13/02/2013 Riachuelo

“Nos vimos obligados a recortar”

Desde la secretaría de Ambiente y Desarrollo Sustentable anunciaron que la ACUMAR se declaró en emergencia financiera. Según explicaron desde el organismo a gestionpublica.info, “tanto Ciudad como Provincia de Buenos Aires no aportaron los 160 millones de pesos anuales pactados para desarrollar diferentes programas de saneamiento de la cuenta”. Actualmente, sólo cuentan con el financiamiento del gobierno nacional.

La Autoridad Cuenca Matanza Riachuelo (ACUMAR) recortó varios de sus programas de saneamiento y fiscalización. El ente tripartito se declaró en emergencia financiera y comunicó que, entre otras cosas, se afectarán los convenios firmados con AySA para finalizar las plantas de tratamiento de cloacas, la compra de equipamiento de monitoreo del aire de la cuenca y el acuerdo establecido con la Auditoría General de la Nación (AGN) para controlar la gestión.

Fuentes de la secretaría de Ambiente y Desarrollo Sustentable de la Nación confirmaron a gestionpublica.info que los recortes se establecieron porque “la Ciudad y la Provincia de Buenos Aires no aportaron los 160 millones de pesos anuales pactados”.

Además, desde el organismo indicaron que la ACUMAR se financia “sólo con la contribución del gobierno nacional”: “Como es un ente tripartito, si las otras jurisdicciones no aportan nos vemos obligados a recortar”, advirtieron.
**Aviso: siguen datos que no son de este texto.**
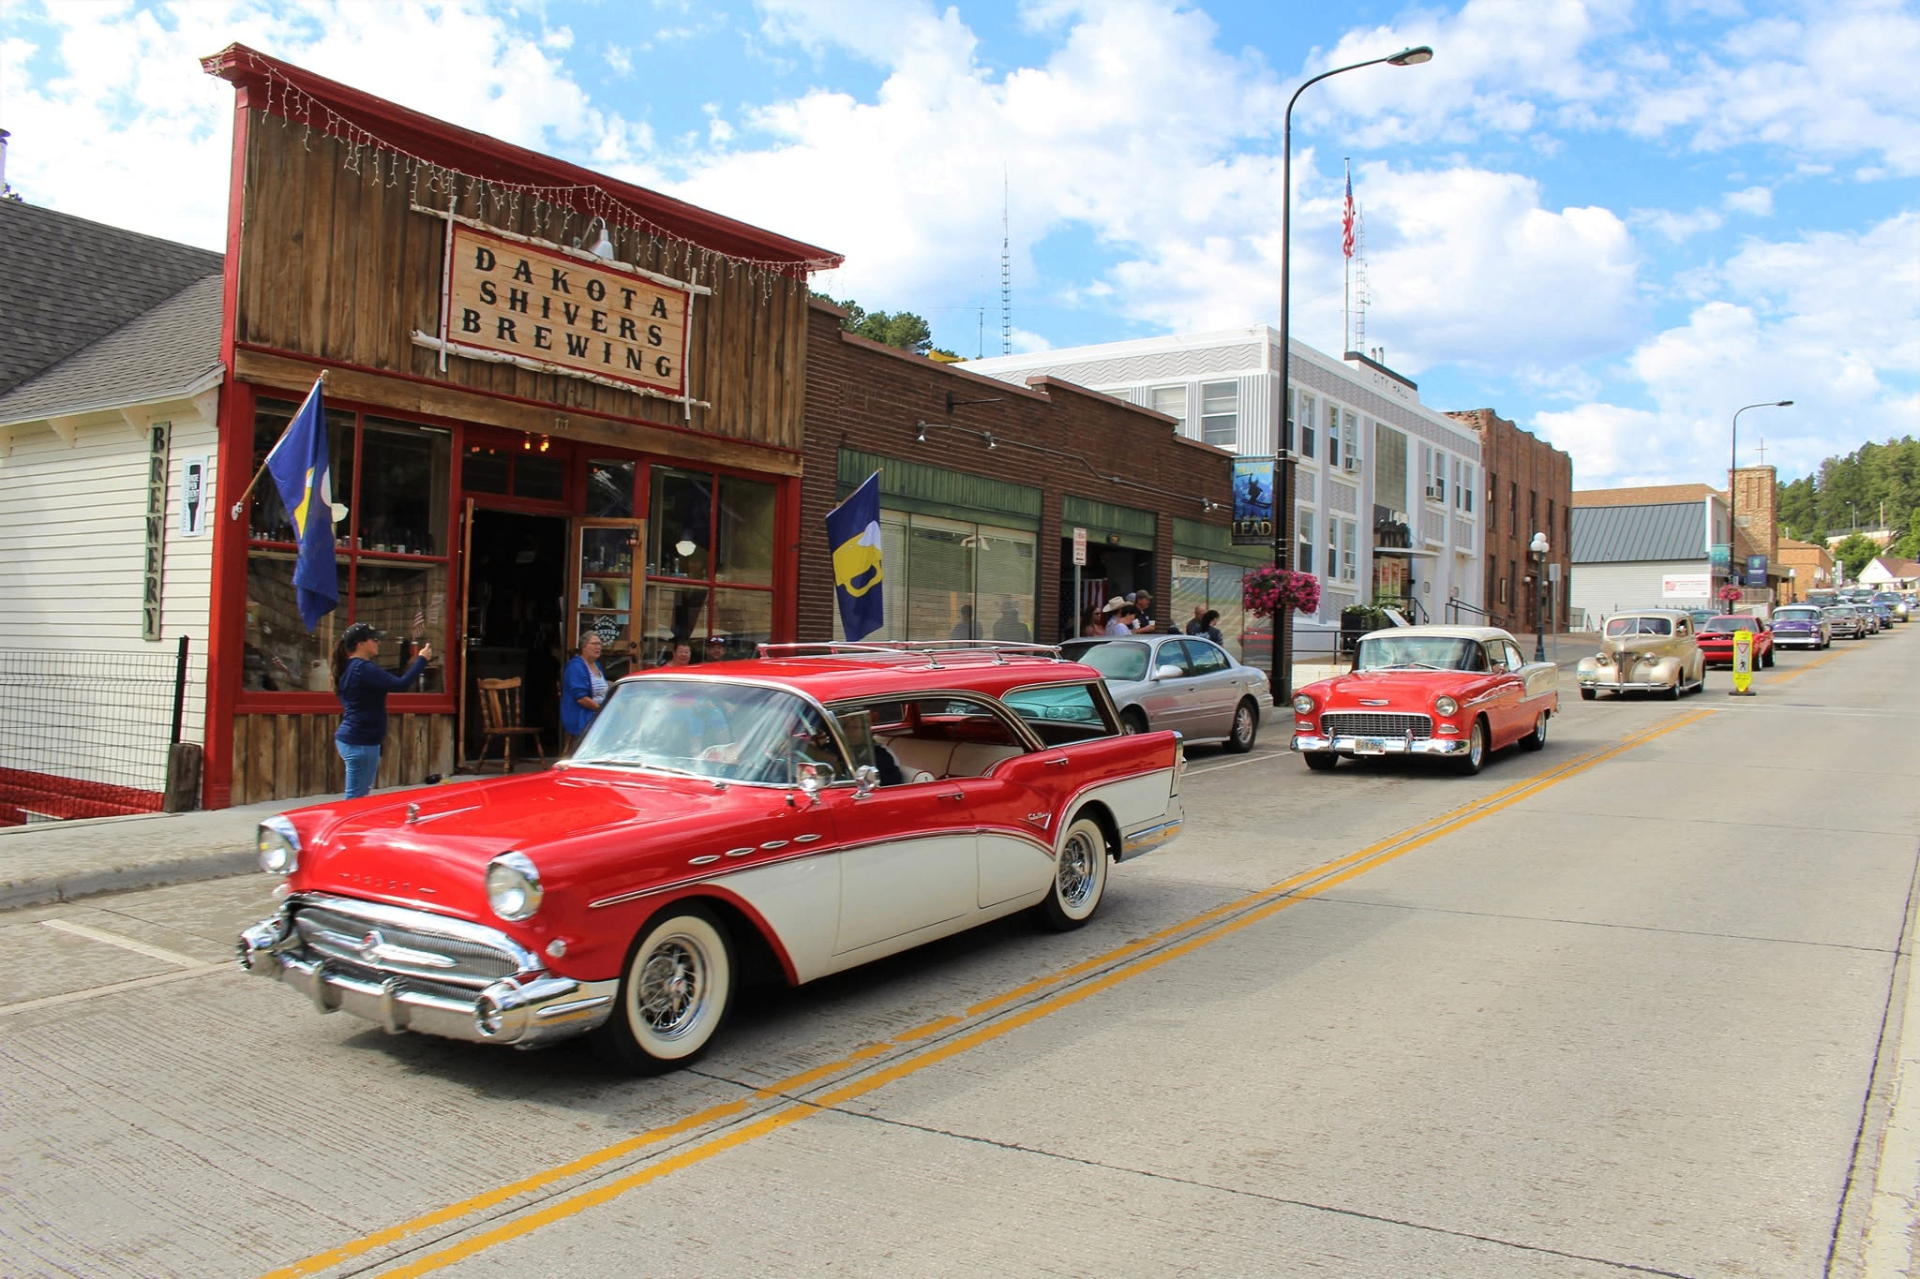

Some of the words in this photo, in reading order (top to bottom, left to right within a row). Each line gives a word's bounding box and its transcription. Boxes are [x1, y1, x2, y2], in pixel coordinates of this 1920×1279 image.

Según datos brindados por la ACUMAR y difundidos por el diario La Nación "la provincia de Buenos Aires no devengó ni entregó los recursos comprometidos y la Ciudad Autónoma de Buenos Aires sólo aportó el 15% del monto pactado". De acuerdo con la notificación del organismo, “los recortes alcanzarían los $210 millones”.

La representante de la Ciudad de Buenos Aires en el Consejo Directivo de la ACUMAR, Silvia Lospennato, dialogó con este medio y señaló que el gobierno porteño “no tiene deudas con el organismo”:“Decir que la Ciudad sólo aportó 25 millones de pesos es una manera de confundir”, criticó.

La funcionaria sostuvo que “la Ciudad pagó esos 25 millones al Fondo de Compensación Ambiental y además invirtió, por fuera del organismo otros $1.500 millones en obras pertenecientes al Plan Integral de Saneamiento Ambiental (PISA)”. 

“Nosotros rechazamos el presupuesto acordado para este año ya que estábamos en desacuerdo con los recortes en los programas de cloacas e inspecciones”, informó Lospennato.

Para 2013, el presupuesto aprobado mayoritariamente por el Consejo Directivo asciende a $652.444.252. De este monto, “sólo $1.996.593 se solventaría con recursos propios del organismo", añade la nota de la ACUMAR difundida en el matutino. 

De esta manera, del saldo correspondiente (es decir, $650.447.659) la mitad debe ser financiada con recursos del gobierno nacional y la otra mitad debe ser aportada en partes iguales por Ciudad de Buenos Aires y Provincia.

Por su parte, Lospennato cuestionó los parámetros que establecen que la Ciudad deba aportar el 25% del presupuesto: “La Ciudad ocupa sólo un 3% del territorio de la cuenca. En este sentido, queremos volver discutir cuál debe ser el porcentaje de aporte correspondiente”.

Desde la secretaría de Ambiente de la Nación comunicaron que en relación a este tema “hay una manda judicial que establece cuánto dinero tiene que aportar cada jurisdicción”.

Por último, la funcionaria puso en evidencia “la posición minoritaria del gobierno porteño” en el directorio de la ACUMAR: “Todo el presupuesto del organismo se destina para financiar obras de la Provincia de Buenos Aires. Los proyectos que presenta la Ciudad no son financiados”.